▶ _RECORD EXTRACTS_
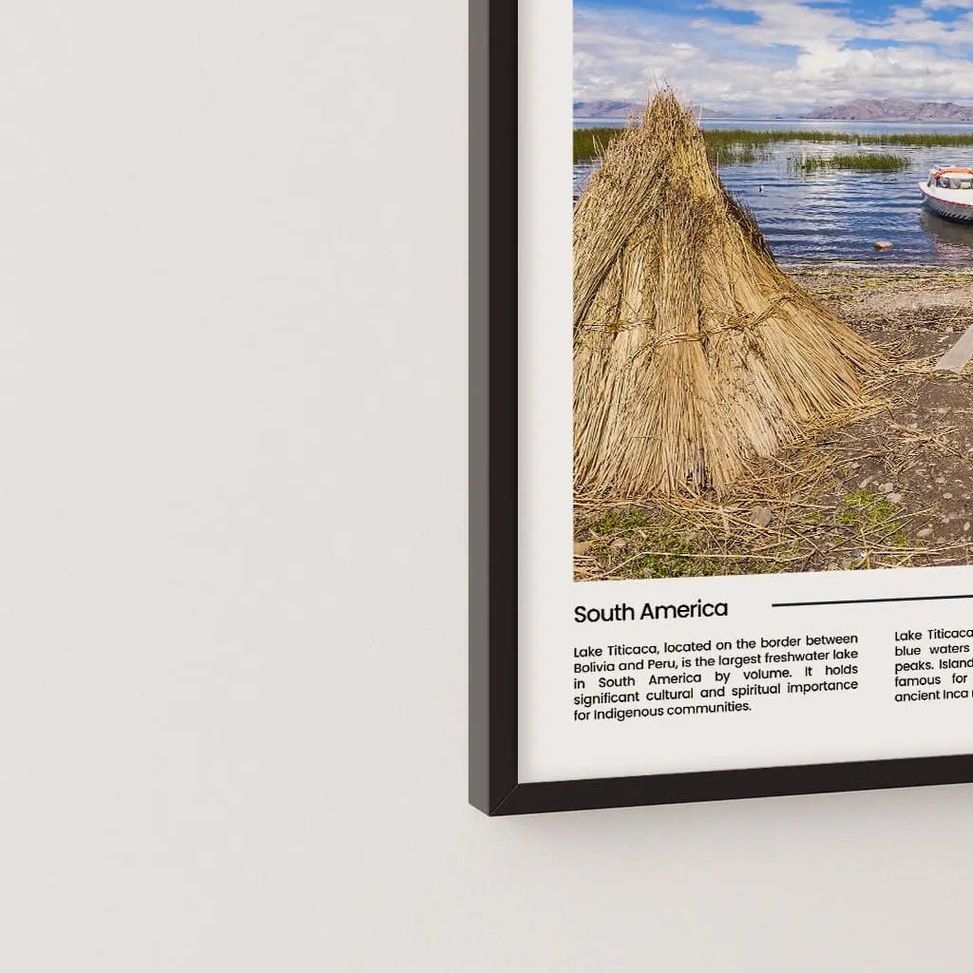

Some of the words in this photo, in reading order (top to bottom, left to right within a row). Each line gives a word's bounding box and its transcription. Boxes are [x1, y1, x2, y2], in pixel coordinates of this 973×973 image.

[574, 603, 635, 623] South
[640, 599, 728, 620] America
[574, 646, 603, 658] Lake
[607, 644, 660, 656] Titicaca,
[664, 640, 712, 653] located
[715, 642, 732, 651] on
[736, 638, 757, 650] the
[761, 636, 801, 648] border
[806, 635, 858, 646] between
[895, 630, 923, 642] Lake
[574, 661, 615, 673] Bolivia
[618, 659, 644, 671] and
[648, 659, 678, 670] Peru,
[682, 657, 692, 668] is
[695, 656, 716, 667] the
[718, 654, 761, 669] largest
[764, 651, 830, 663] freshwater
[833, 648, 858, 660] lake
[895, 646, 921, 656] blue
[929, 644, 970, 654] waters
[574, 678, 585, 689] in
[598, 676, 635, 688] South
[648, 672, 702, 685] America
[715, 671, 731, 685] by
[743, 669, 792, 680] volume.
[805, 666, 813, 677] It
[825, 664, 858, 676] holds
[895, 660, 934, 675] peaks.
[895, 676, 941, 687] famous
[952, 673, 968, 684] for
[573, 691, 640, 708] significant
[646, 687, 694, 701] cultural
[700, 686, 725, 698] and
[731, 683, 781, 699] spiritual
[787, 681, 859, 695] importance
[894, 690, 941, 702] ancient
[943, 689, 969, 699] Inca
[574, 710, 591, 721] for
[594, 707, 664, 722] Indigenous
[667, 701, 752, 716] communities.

▶ _THE PROBLEM_
Pictures are to be left out; everything else in the records gets retyped exactly.

▶ _TASK OUTPUT_
Some of the words in this photo, in reading order (top to bottom, left to right within a row). Each line gives a word's bounding box and its transcription. Boxes are [x1, y1, x2, y2], in pixel coordinates of this 973×973 image.

[574, 603, 635, 623] South
[640, 599, 728, 620] America
[574, 646, 603, 658] Lake
[607, 644, 660, 656] Titicaca,
[664, 640, 712, 653] located
[715, 642, 732, 651] on
[736, 638, 757, 650] the
[761, 636, 801, 648] border
[806, 635, 858, 646] between
[895, 630, 923, 642] Lake
[574, 661, 615, 673] Bolivia
[618, 659, 644, 671] and
[648, 659, 678, 670] Peru,
[682, 657, 692, 668] is
[695, 656, 716, 667] the
[718, 654, 761, 669] largest
[764, 651, 830, 663] freshwater
[833, 648, 858, 660] lake
[895, 646, 921, 656] blue
[929, 644, 970, 654] waters
[574, 678, 585, 689] in
[598, 676, 635, 688] South
[648, 672, 702, 685] America
[715, 671, 731, 685] by
[743, 669, 792, 680] volume.
[805, 666, 813, 677] It
[825, 664, 858, 676] holds
[895, 660, 934, 675] peaks.
[895, 676, 941, 687] famous
[952, 673, 968, 684] for
[573, 691, 640, 708] significant
[646, 687, 694, 701] cultural
[700, 686, 725, 698] and
[731, 683, 781, 699] spiritual
[787, 681, 859, 695] importance
[894, 690, 941, 702] ancient
[943, 689, 969, 699] Inca
[574, 710, 591, 721] for
[594, 707, 664, 722] Indigenous
[667, 701, 752, 716] communities.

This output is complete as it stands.